Task description -
Print out the whole listing below exactly as it is written.
[[ Input data, beginning ]]
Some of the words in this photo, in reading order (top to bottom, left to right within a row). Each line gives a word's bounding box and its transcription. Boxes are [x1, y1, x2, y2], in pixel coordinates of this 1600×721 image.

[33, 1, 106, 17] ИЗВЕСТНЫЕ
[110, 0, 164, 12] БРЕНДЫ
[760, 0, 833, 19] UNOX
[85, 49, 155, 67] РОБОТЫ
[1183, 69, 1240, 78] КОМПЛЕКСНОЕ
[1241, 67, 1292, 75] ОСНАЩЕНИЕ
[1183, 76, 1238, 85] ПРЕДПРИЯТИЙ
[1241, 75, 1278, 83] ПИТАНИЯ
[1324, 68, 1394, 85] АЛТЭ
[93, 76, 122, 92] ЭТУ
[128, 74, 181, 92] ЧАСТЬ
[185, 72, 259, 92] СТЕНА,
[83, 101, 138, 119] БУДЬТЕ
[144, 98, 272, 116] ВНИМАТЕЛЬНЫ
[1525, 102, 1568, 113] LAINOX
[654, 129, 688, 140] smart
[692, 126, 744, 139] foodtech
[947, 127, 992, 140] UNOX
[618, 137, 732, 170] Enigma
[[ Input data, end ]]
Exercise answer -
Some of the words in this photo, in reading order (top to bottom, left to right within a row). Each line gives a word's bounding box and its transcription. Boxes are [x1, y1, x2, y2], in pixel coordinates of this 1600×721 image.

[33, 1, 106, 17] ИЗВЕСТНЫЕ
[110, 0, 164, 12] БРЕНДЫ
[760, 0, 833, 19] UNOX
[85, 49, 155, 67] РОБОТЫ
[1183, 69, 1240, 78] КОМПЛЕКСНОЕ
[1241, 67, 1292, 75] ОСНАЩЕНИЕ
[1183, 76, 1238, 85] ПРЕДПРИЯТИЙ
[1241, 75, 1278, 83] ПИТАНИЯ
[1324, 68, 1394, 85] АЛТЭ
[93, 76, 122, 92] ЭТУ
[128, 74, 181, 92] ЧАСТЬ
[185, 72, 259, 92] СТЕНА,
[83, 101, 138, 119] БУДЬТЕ
[144, 98, 272, 116] ВНИМАТЕЛЬНЫ
[1525, 102, 1568, 113] LAINOX
[654, 129, 688, 140] smart
[692, 126, 744, 139] foodtech
[947, 127, 992, 140] UNOX
[618, 137, 732, 170] Enigma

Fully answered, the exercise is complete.